_EXERCISE OBJECTIVE_: The response should be the records below, repeated exactly, with each picture left out.

=== Begin Enclosure ===

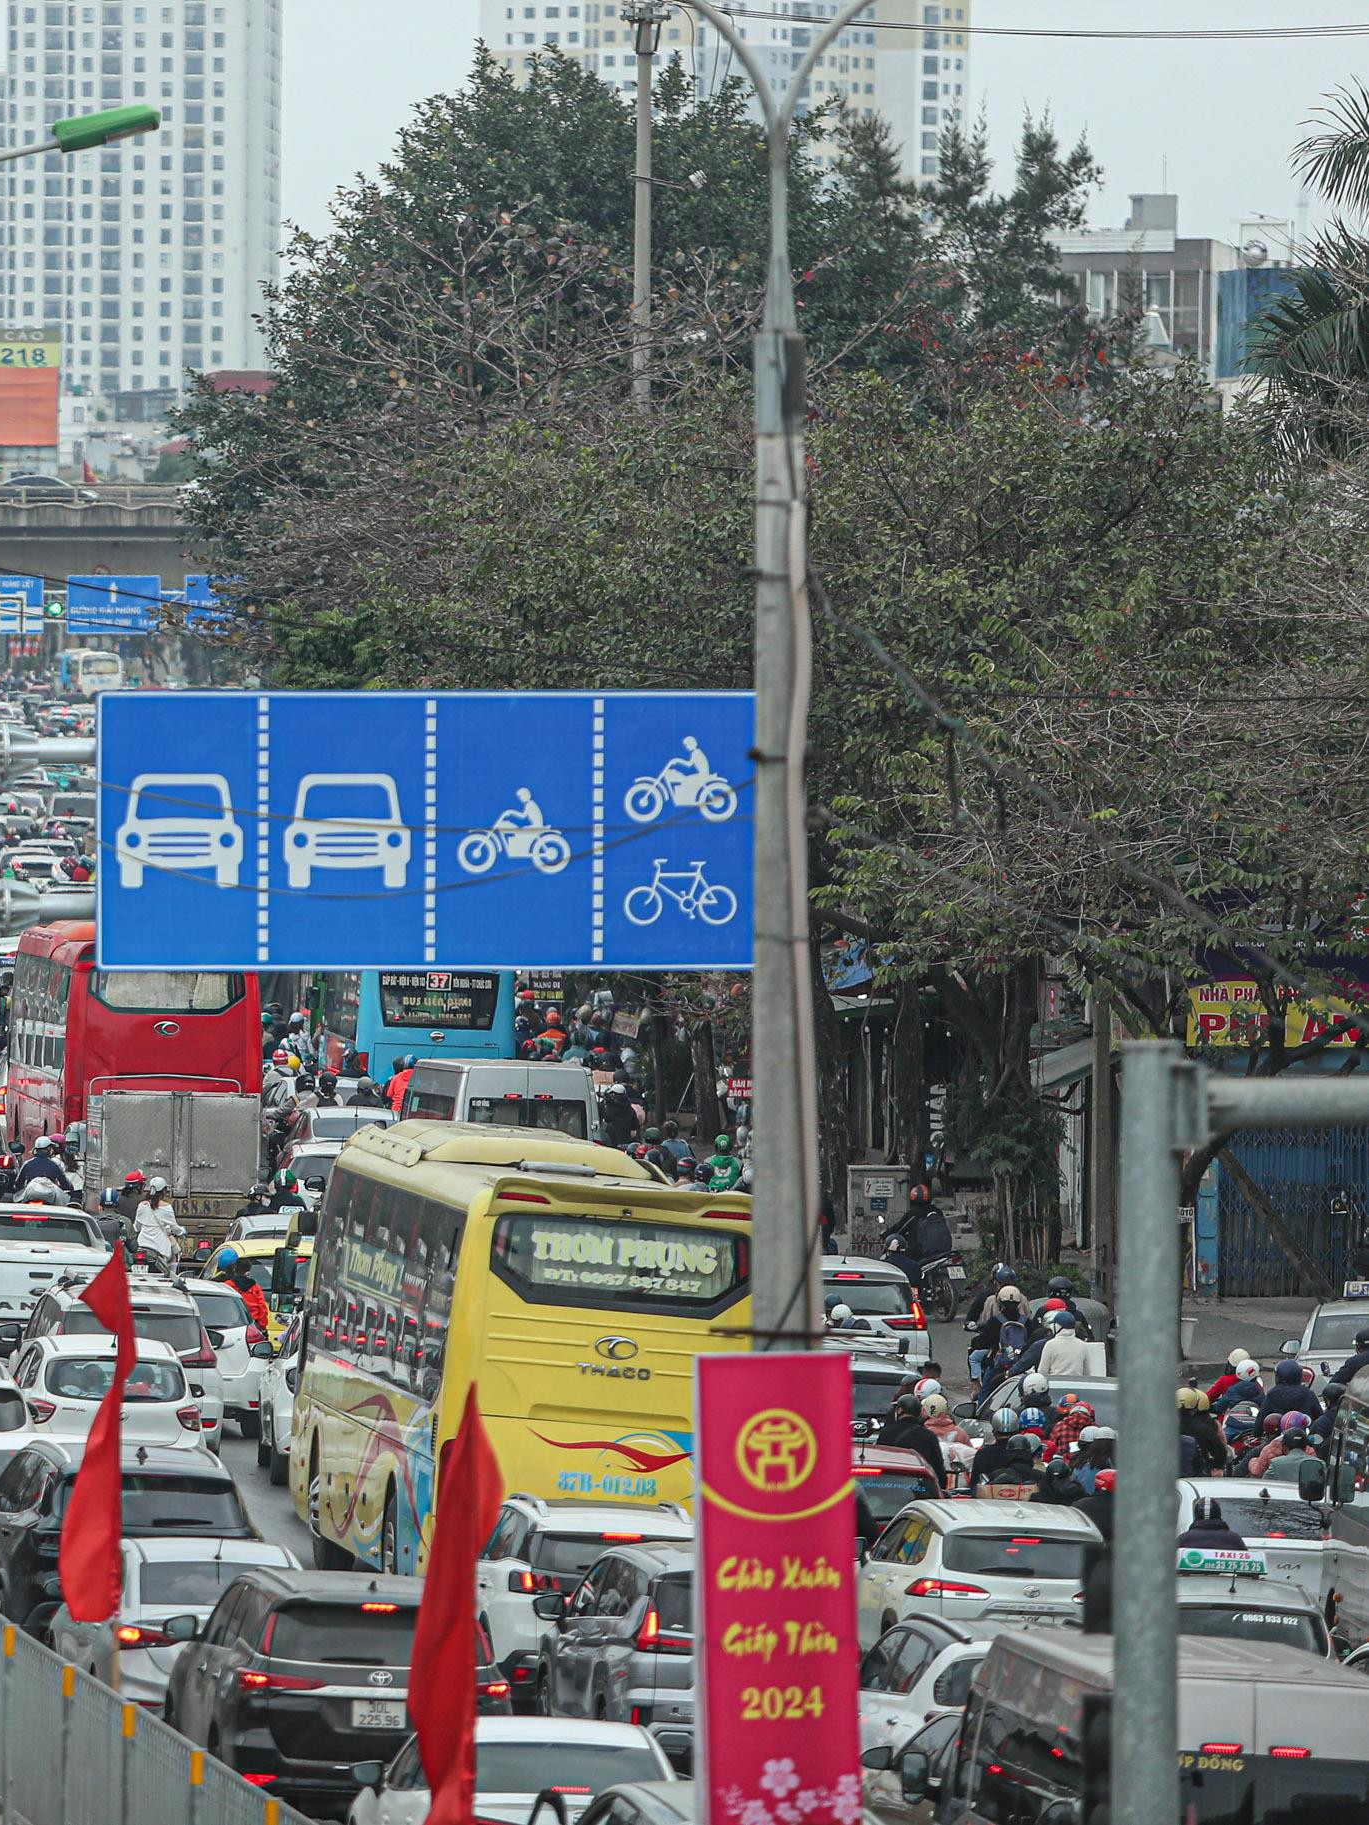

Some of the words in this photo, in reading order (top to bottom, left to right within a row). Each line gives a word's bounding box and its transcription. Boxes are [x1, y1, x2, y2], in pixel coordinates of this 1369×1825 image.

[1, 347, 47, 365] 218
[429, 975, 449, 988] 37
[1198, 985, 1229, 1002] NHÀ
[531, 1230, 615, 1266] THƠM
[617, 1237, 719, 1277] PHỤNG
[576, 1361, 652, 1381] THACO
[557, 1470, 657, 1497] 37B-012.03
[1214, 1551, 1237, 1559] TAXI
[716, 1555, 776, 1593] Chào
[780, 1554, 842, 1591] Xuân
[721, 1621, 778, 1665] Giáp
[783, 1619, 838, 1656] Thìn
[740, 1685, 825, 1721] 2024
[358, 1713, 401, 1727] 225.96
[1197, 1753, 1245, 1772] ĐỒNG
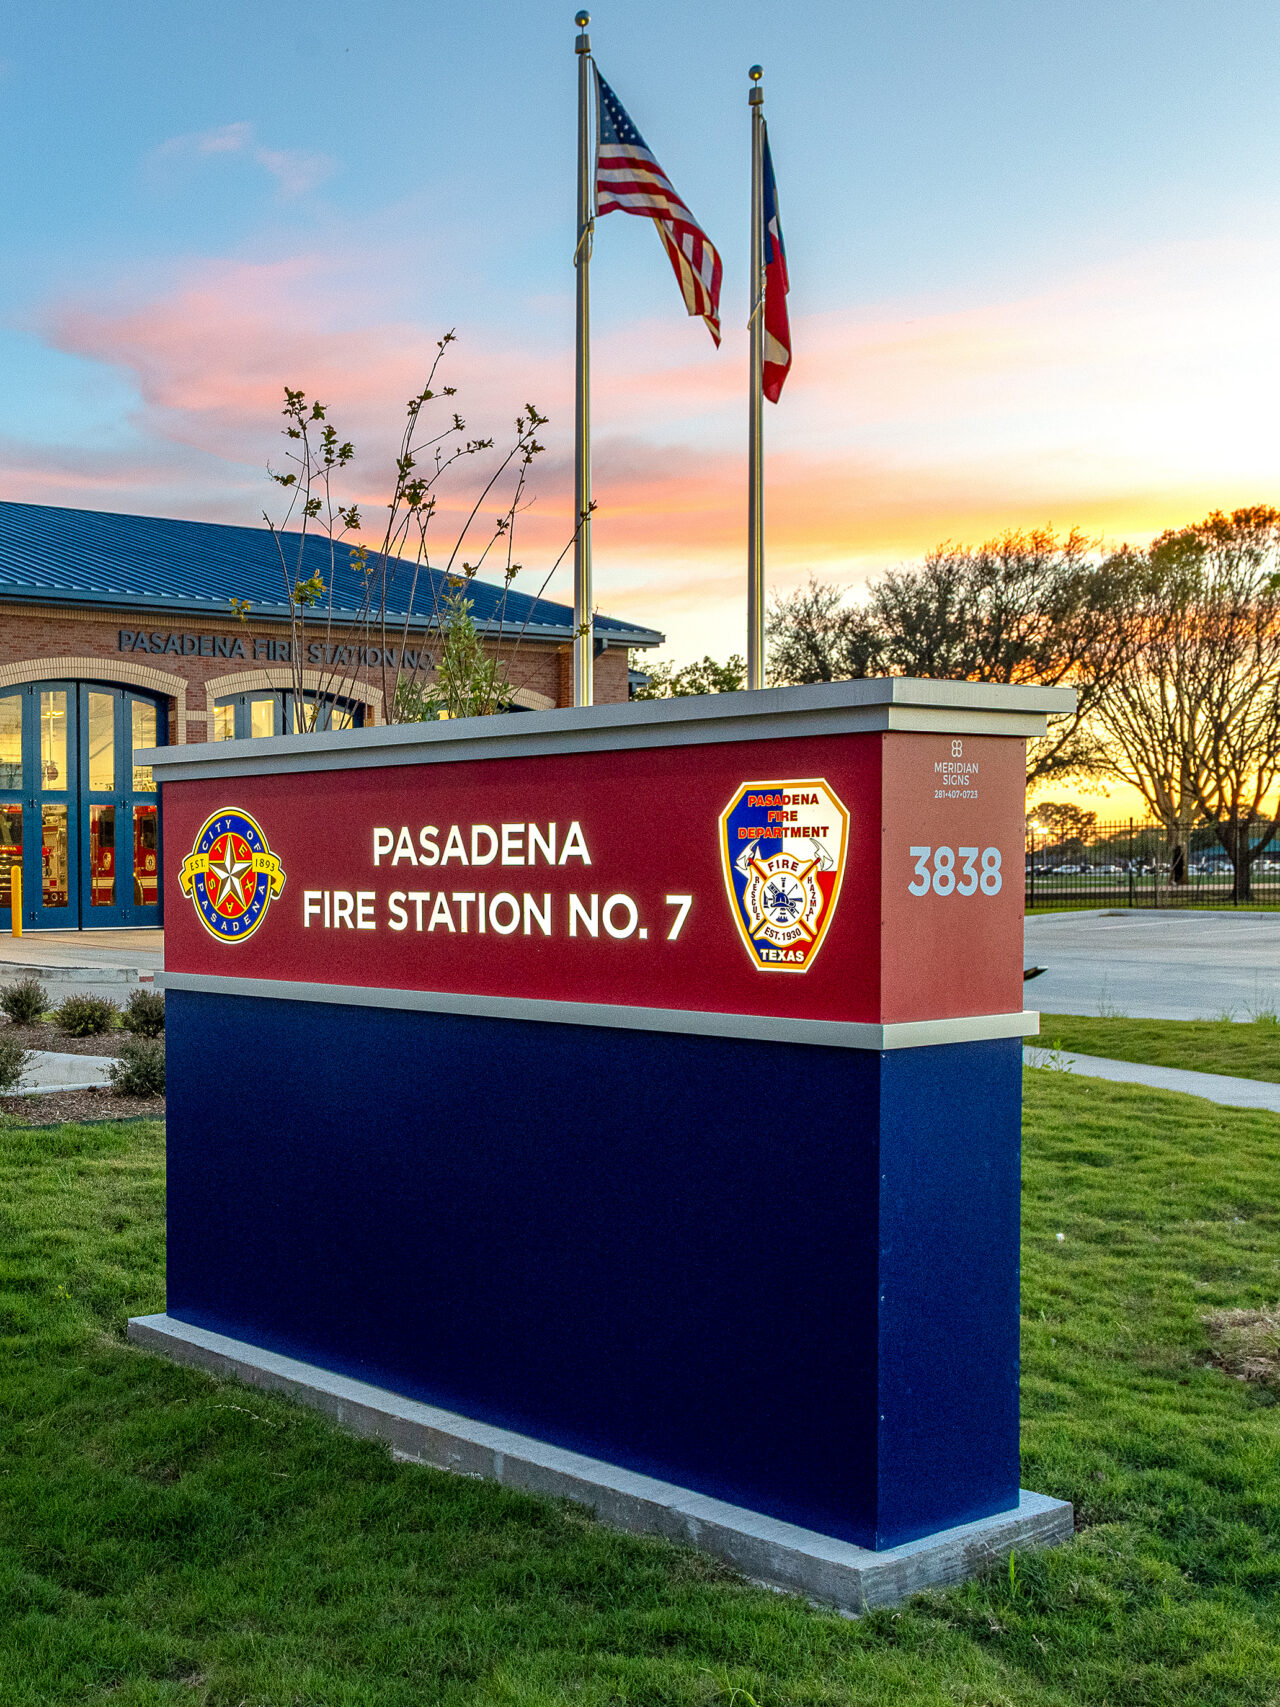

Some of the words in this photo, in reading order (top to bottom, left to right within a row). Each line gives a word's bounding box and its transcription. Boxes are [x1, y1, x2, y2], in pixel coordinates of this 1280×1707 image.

=== End Enclosure ===

_YOUR RESPONSE_:
Some of the words in this photo, in reading order (top to bottom, left to right within a row). Each line gives a word's bounding box and its transcription. Boxes are [x1, y1, x2, y2], in pixel coordinates of this 1369×1825 image.

[1, 347, 47, 365] 218
[429, 975, 449, 988] 37
[1198, 985, 1229, 1002] NHÀ
[531, 1230, 615, 1266] THƠM
[617, 1237, 719, 1277] PHỤNG
[576, 1361, 652, 1381] THACO
[557, 1470, 657, 1497] 37B-012.03
[1214, 1551, 1237, 1559] TAXI
[716, 1555, 776, 1593] Chào
[780, 1554, 842, 1591] Xuân
[721, 1621, 778, 1665] Giáp
[783, 1619, 838, 1656] Thìn
[740, 1685, 825, 1721] 2024
[358, 1713, 401, 1727] 225.96
[1197, 1753, 1245, 1772] ĐỒNG

Some of the words in this photo, in reading order (top to bottom, left to right within a row). Each line gives a word's bounding box and its transcription. Boxes are [x1, y1, x2, y2], in pixel coordinates of this 1280×1707 image.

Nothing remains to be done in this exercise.